• About this task: Each record should be copied exactly into the answer, and no picture should go with it.

• Entries provided:
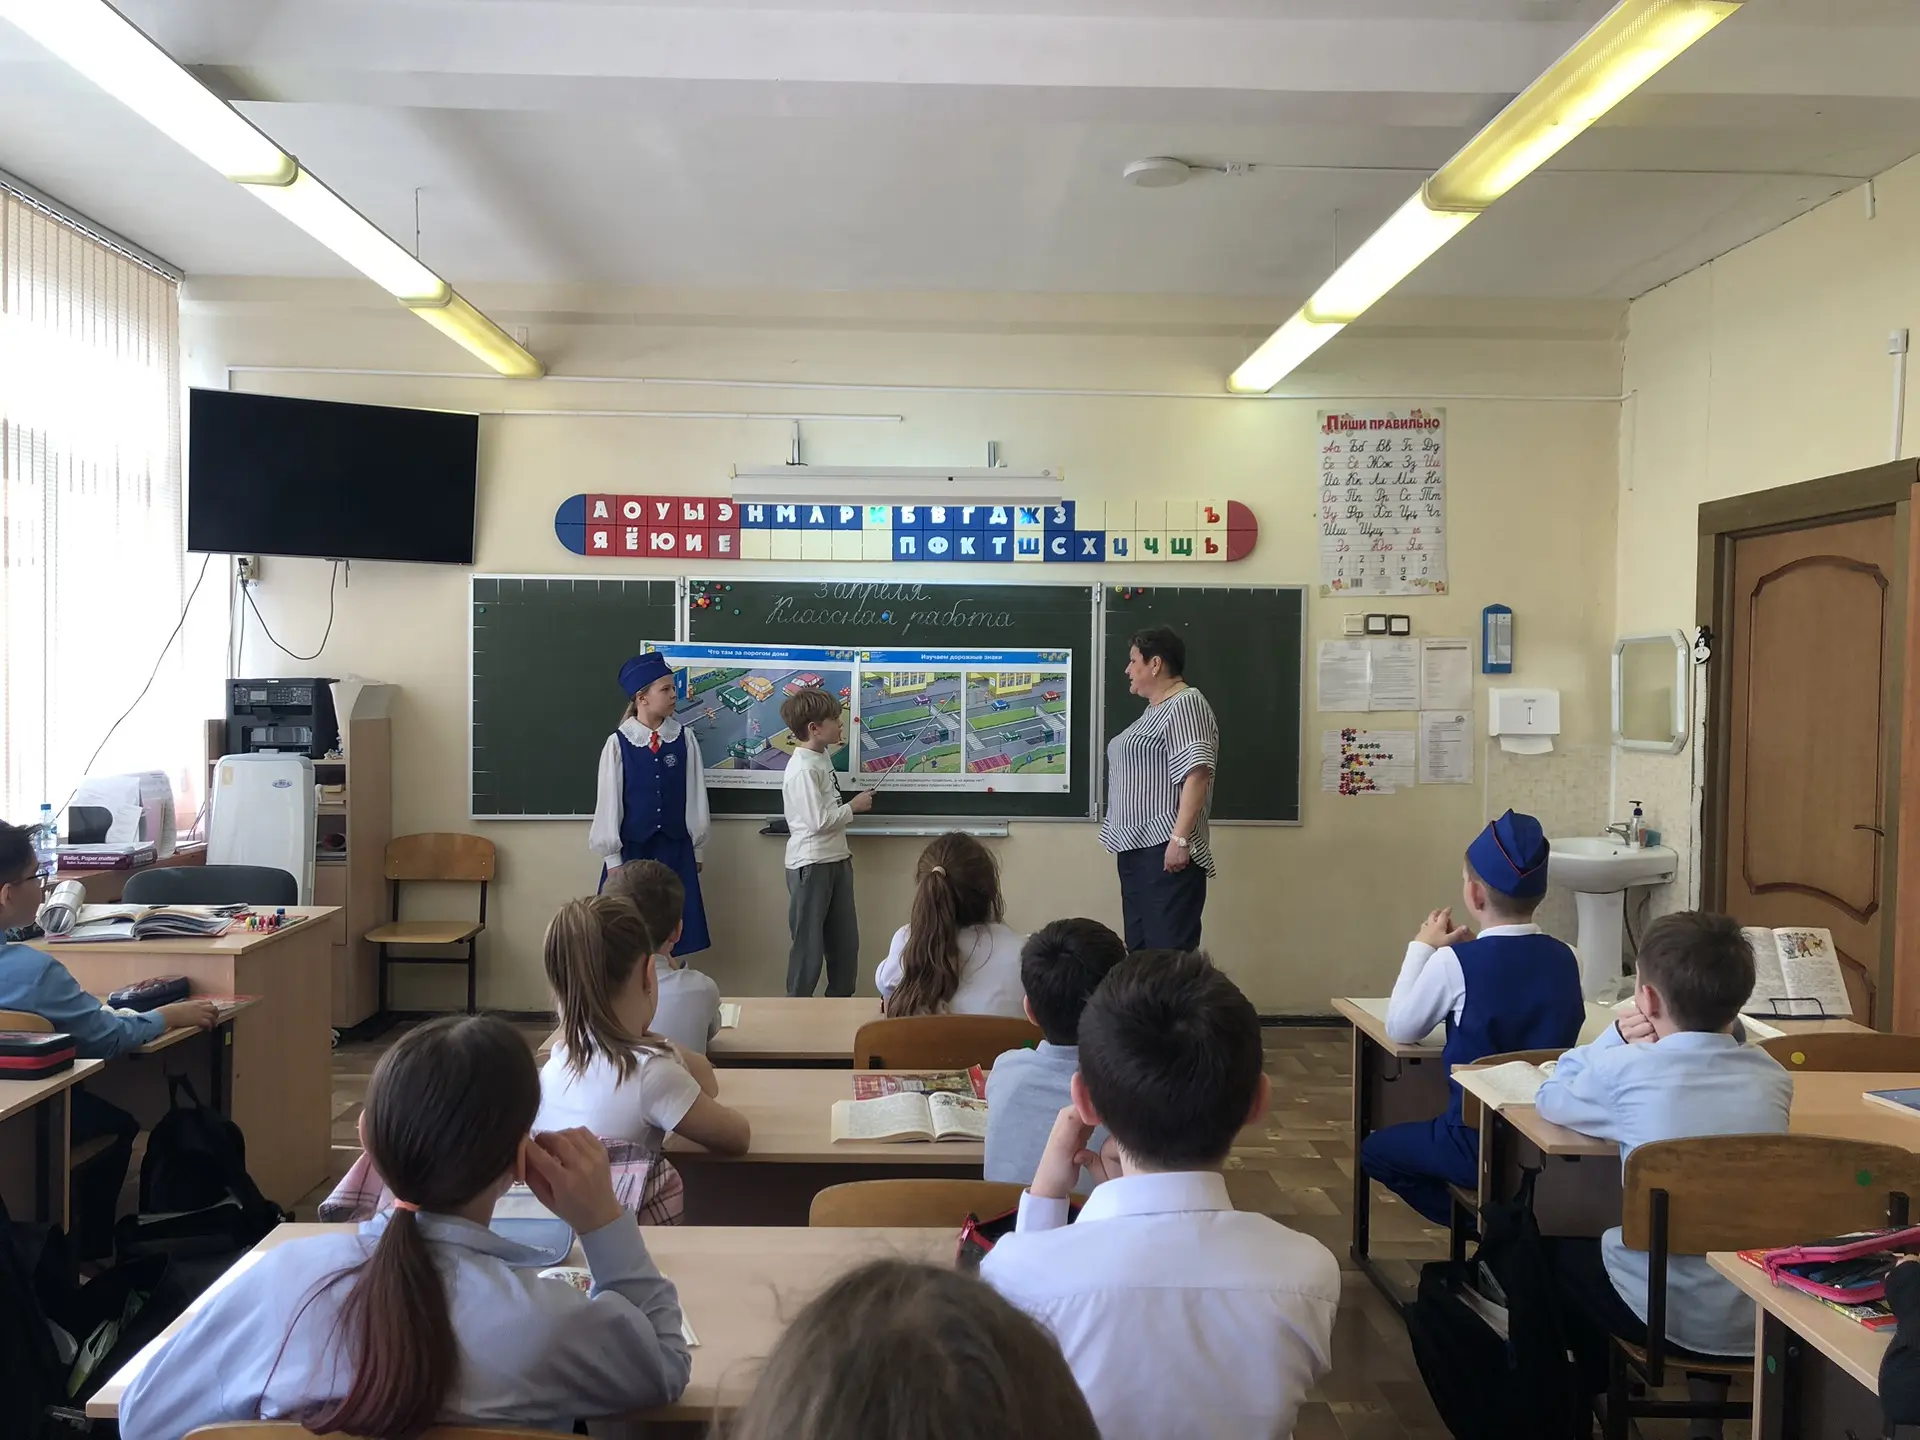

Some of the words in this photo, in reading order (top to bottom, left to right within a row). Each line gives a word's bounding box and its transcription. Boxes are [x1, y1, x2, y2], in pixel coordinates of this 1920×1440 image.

[1326, 415, 1366, 430] ПИШИ
[1369, 418, 1440, 430] ПРАВИЛЬНО
[593, 501, 609, 518] А
[623, 501, 641, 519] О
[656, 503, 670, 520] У
[684, 503, 704, 520] Ы
[717, 504, 733, 521] Э
[748, 505, 764, 522] Н
[776, 506, 796, 523] М
[808, 506, 825, 524] Л
[840, 505, 854, 524] Р
[901, 506, 916, 525] Б
[931, 506, 946, 525] В
[962, 506, 975, 524] Г
[989, 506, 1008, 525] Д
[1019, 506, 1040, 525] Ж
[1053, 506, 1066, 523] З
[1204, 506, 1221, 523] Ъ
[593, 532, 608, 548] Я
[626, 527, 638, 550] Ё
[650, 533, 675, 550] Ю
[686, 534, 702, 551] И
[718, 535, 731, 552] Е
[900, 536, 916, 555] П
[928, 536, 948, 555] Ф
[961, 537, 976, 555] К
[992, 537, 1006, 554] Т
[1018, 538, 1040, 555] Ш
[1052, 537, 1066, 555] С
[1082, 537, 1097, 555] Х
[1114, 537, 1129, 556] Ц
[1144, 538, 1159, 554] Ч
[1170, 538, 1192, 556] Щ
[1205, 538, 1219, 554] Ь
[814, 583, 828, 599] 3
[766, 595, 899, 626] Классная
[901, 598, 1016, 635] работа
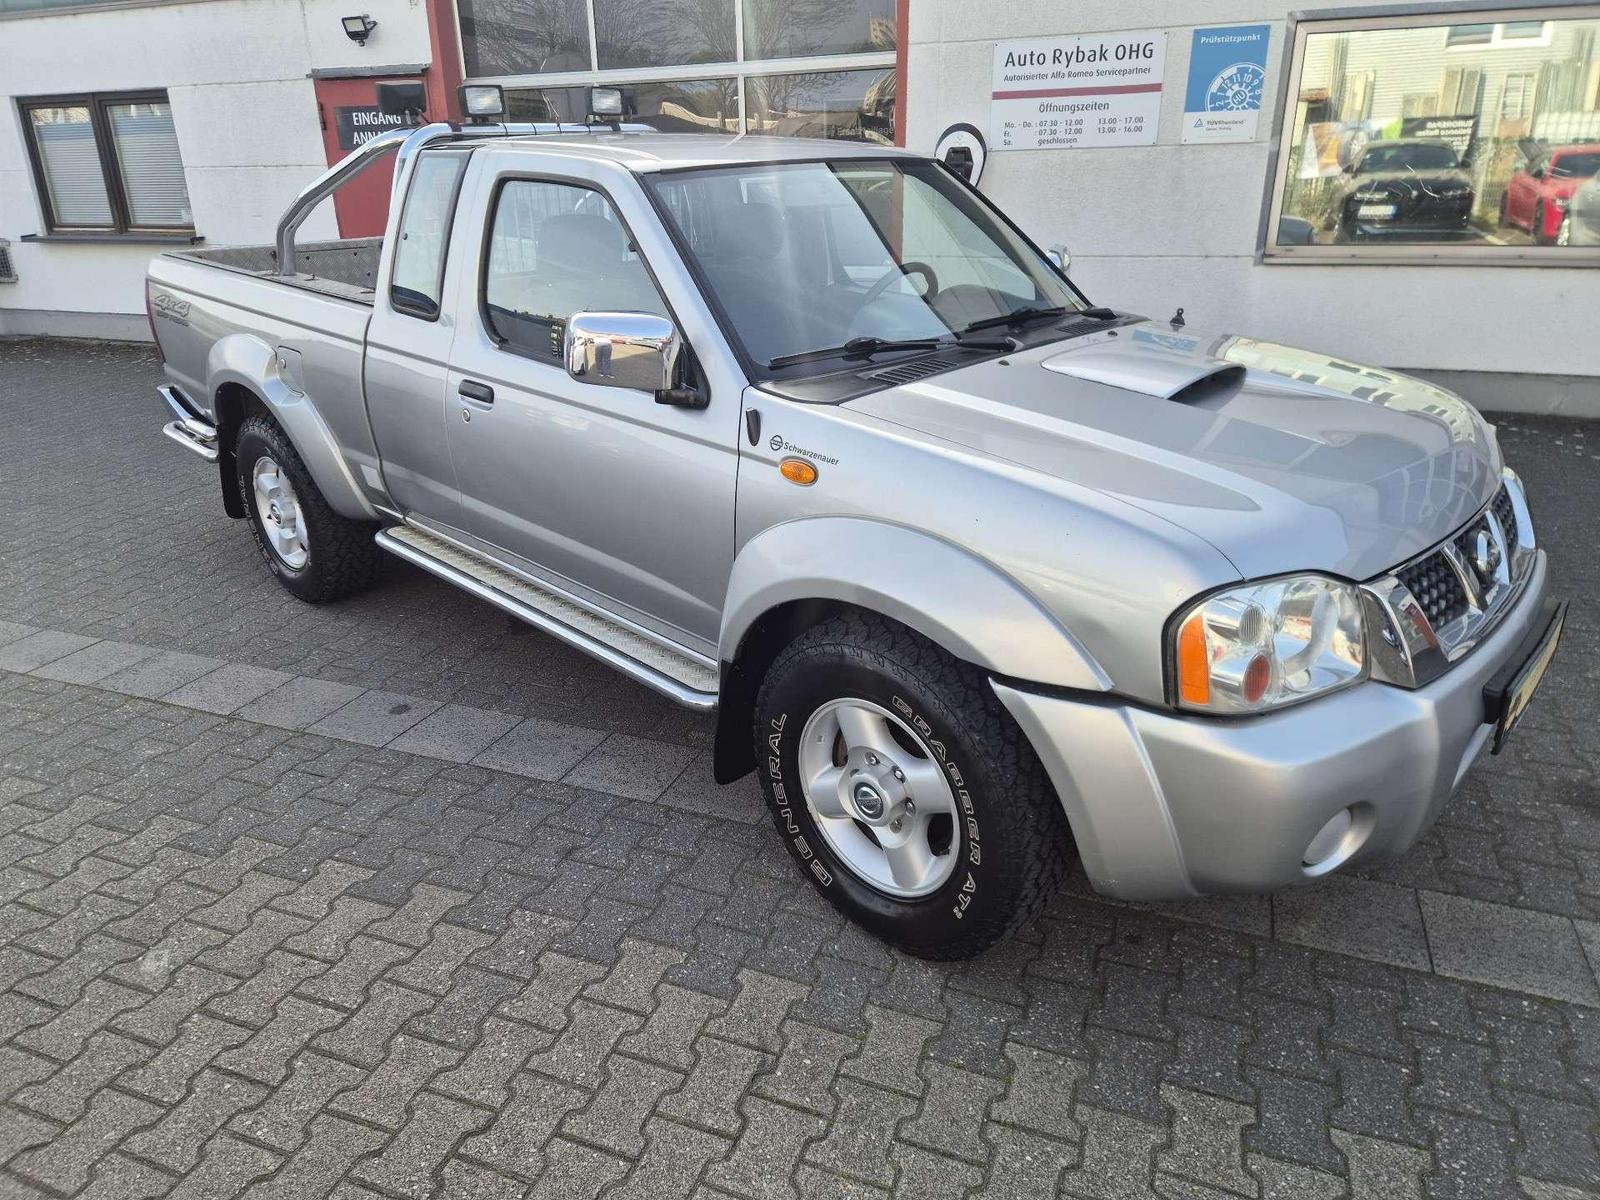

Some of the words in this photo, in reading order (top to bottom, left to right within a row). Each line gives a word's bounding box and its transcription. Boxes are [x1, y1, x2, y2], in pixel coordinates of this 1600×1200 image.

[1200, 33, 1261, 44] Prüfstützpunkt
[1004, 51, 1047, 68] Auto
[1052, 44, 1109, 69] Rybak
[1114, 42, 1154, 61] OHG
[1003, 72, 1049, 82] Autorisierter
[1050, 70, 1066, 80] Alfa
[1067, 69, 1094, 79] Romeo
[1095, 67, 1152, 77] Servicepartner
[1038, 101, 1110, 114] Öffnungszeiten
[352, 111, 402, 126] EINGANG
[1064, 118, 1084, 127] 12.00
[1124, 116, 1144, 124] 17.00
[1064, 127, 1083, 135] 12.00
[1097, 126, 1117, 134] 13.00
[1123, 125, 1143, 133] 16.00
[1037, 137, 1078, 146] geschlossen
[783, 441, 839, 466] Schwarzenauer
[892, 695, 982, 866] GRABBER
[768, 713, 833, 887] GENERAL

• Your response:
Some of the words in this photo, in reading order (top to bottom, left to right within a row). Each line gives a word's bounding box and its transcription. Boxes are [x1, y1, x2, y2], in pixel coordinates of this 1920×1440 image.

[1326, 415, 1366, 430] ПИШИ
[1369, 418, 1440, 430] ПРАВИЛЬНО
[593, 501, 609, 518] А
[623, 501, 641, 519] О
[656, 503, 670, 520] У
[684, 503, 704, 520] Ы
[717, 504, 733, 521] Э
[748, 505, 764, 522] Н
[776, 506, 796, 523] М
[808, 506, 825, 524] Л
[840, 505, 854, 524] Р
[901, 506, 916, 525] Б
[931, 506, 946, 525] В
[962, 506, 975, 524] Г
[989, 506, 1008, 525] Д
[1019, 506, 1040, 525] Ж
[1053, 506, 1066, 523] З
[1204, 506, 1221, 523] Ъ
[593, 532, 608, 548] Я
[626, 527, 638, 550] Ё
[650, 533, 675, 550] Ю
[686, 534, 702, 551] И
[718, 535, 731, 552] Е
[900, 536, 916, 555] П
[928, 536, 948, 555] Ф
[961, 537, 976, 555] К
[992, 537, 1006, 554] Т
[1018, 538, 1040, 555] Ш
[1052, 537, 1066, 555] С
[1082, 537, 1097, 555] Х
[1114, 537, 1129, 556] Ц
[1144, 538, 1159, 554] Ч
[1170, 538, 1192, 556] Щ
[1205, 538, 1219, 554] Ь
[814, 583, 828, 599] 3
[766, 595, 899, 626] Классная
[901, 598, 1016, 635] работа

Some of the words in this photo, in reading order (top to bottom, left to right within a row). Each line gives a word's bounding box and its transcription. Boxes are [x1, y1, x2, y2], in pixel coordinates of this 1600×1200 image.

[1200, 33, 1261, 44] Prüfstützpunkt
[1004, 51, 1047, 68] Auto
[1052, 44, 1109, 69] Rybak
[1114, 42, 1154, 61] OHG
[1003, 72, 1049, 82] Autorisierter
[1050, 70, 1066, 80] Alfa
[1067, 69, 1094, 79] Romeo
[1095, 67, 1152, 77] Servicepartner
[1038, 101, 1110, 114] Öffnungszeiten
[352, 111, 402, 126] EINGANG
[1064, 118, 1084, 127] 12.00
[1124, 116, 1144, 124] 17.00
[1064, 127, 1083, 135] 12.00
[1097, 126, 1117, 134] 13.00
[1123, 125, 1143, 133] 16.00
[1037, 137, 1078, 146] geschlossen
[783, 441, 839, 466] Schwarzenauer
[892, 695, 982, 866] GRABBER
[768, 713, 833, 887] GENERAL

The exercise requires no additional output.